The task. Your answer must be the data repeated exactly, with no pictures in it.

Data.
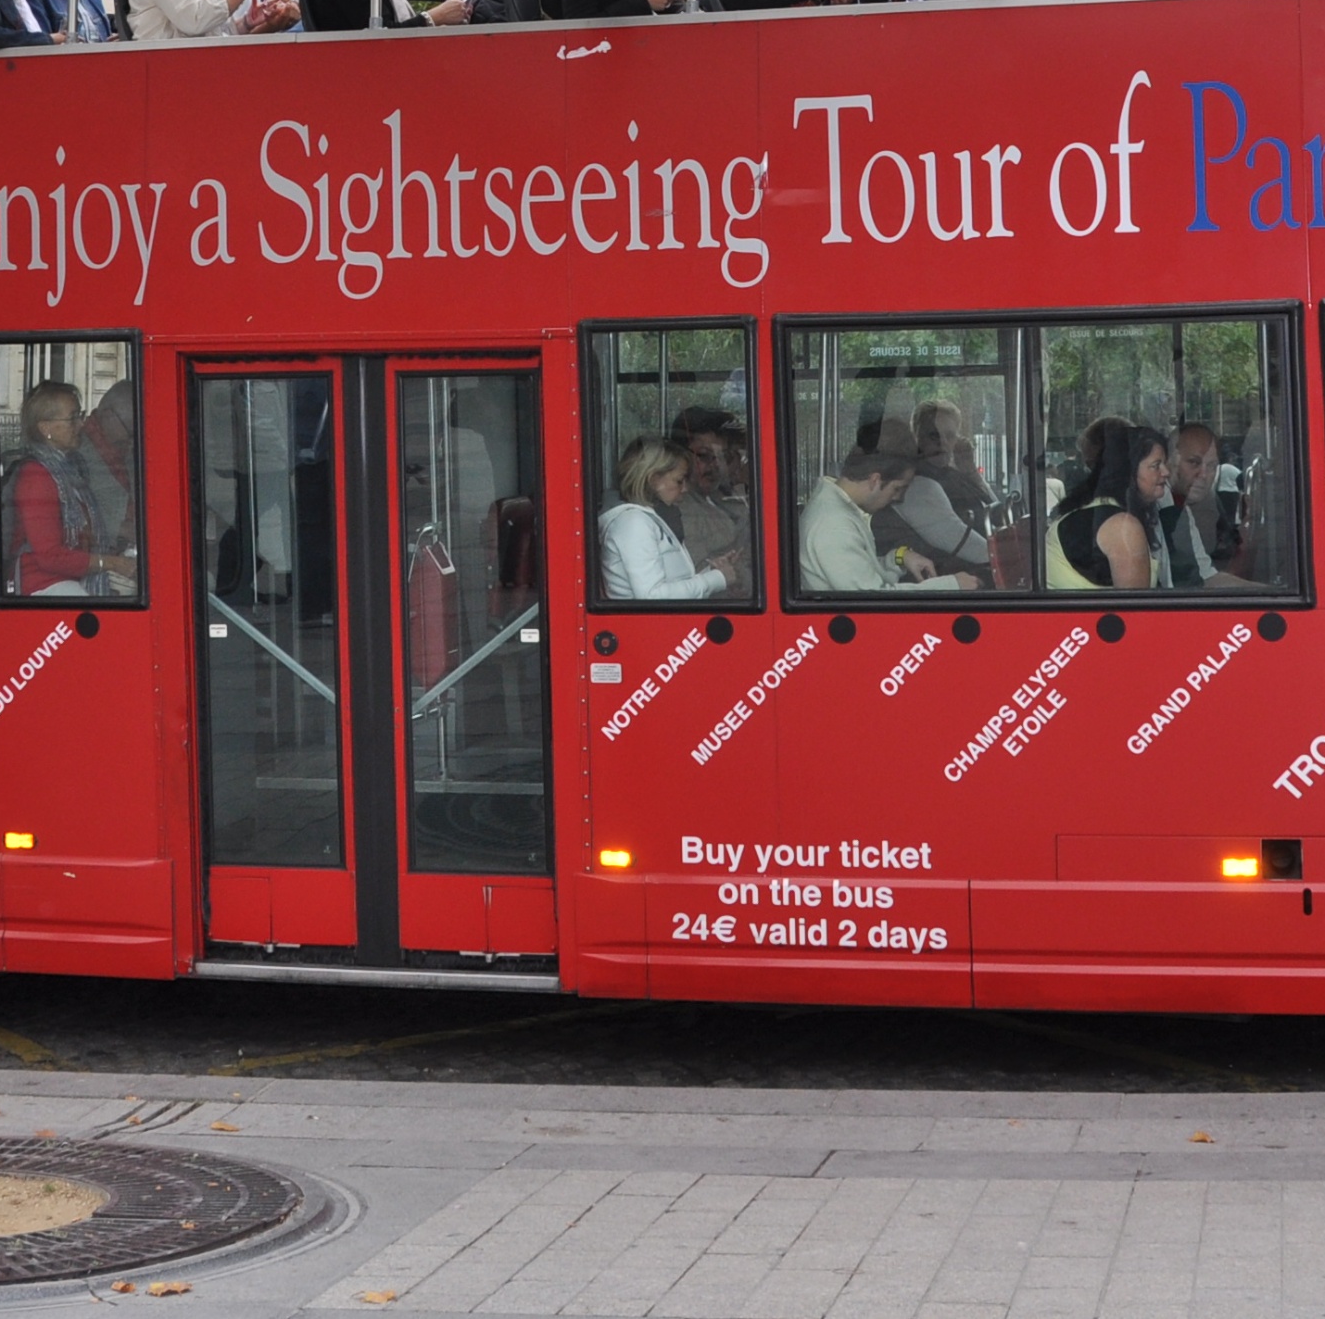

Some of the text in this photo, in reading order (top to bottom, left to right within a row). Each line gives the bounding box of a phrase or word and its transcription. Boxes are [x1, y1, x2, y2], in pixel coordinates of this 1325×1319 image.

[189, 177, 236, 267] a
[258, 108, 770, 301] Sightseeing
[792, 93, 1022, 245] Tour
[1049, 69, 1153, 237] of
[9, 619, 74, 690] LOUVRE
[600, 677, 661, 741] NOTRE
[654, 627, 708, 684] DAME
[879, 631, 943, 698] OPERA
[1126, 622, 1253, 756] GRAND PALAIS
[690, 625, 821, 766] MUSEE D'ORSAY
[943, 625, 1091, 782] CHAMPS ELYSEES
[1002, 688, 1068, 758] ETOILE
[681, 835, 932, 873] Buy your ticket
[718, 878, 894, 909] on the bus
[672, 912, 948, 954] 24€ valid 2 days

Answer section.
Some of the text in this photo, in reading order (top to bottom, left to right within a row). Each line gives the bounding box of a phrase or word and its transcription. Boxes are [x1, y1, x2, y2], in pixel coordinates of this 1325×1319 image.

[189, 177, 236, 267] a
[258, 108, 770, 301] Sightseeing
[792, 93, 1022, 245] Tour
[1049, 69, 1153, 237] of
[9, 619, 74, 690] LOUVRE
[600, 677, 661, 741] NOTRE
[654, 627, 708, 684] DAME
[879, 631, 943, 698] OPERA
[1126, 622, 1253, 756] GRAND PALAIS
[690, 625, 821, 766] MUSEE D'ORSAY
[943, 625, 1091, 782] CHAMPS ELYSEES
[1002, 688, 1068, 758] ETOILE
[681, 835, 932, 873] Buy your ticket
[718, 878, 894, 909] on the bus
[672, 912, 948, 954] 24€ valid 2 days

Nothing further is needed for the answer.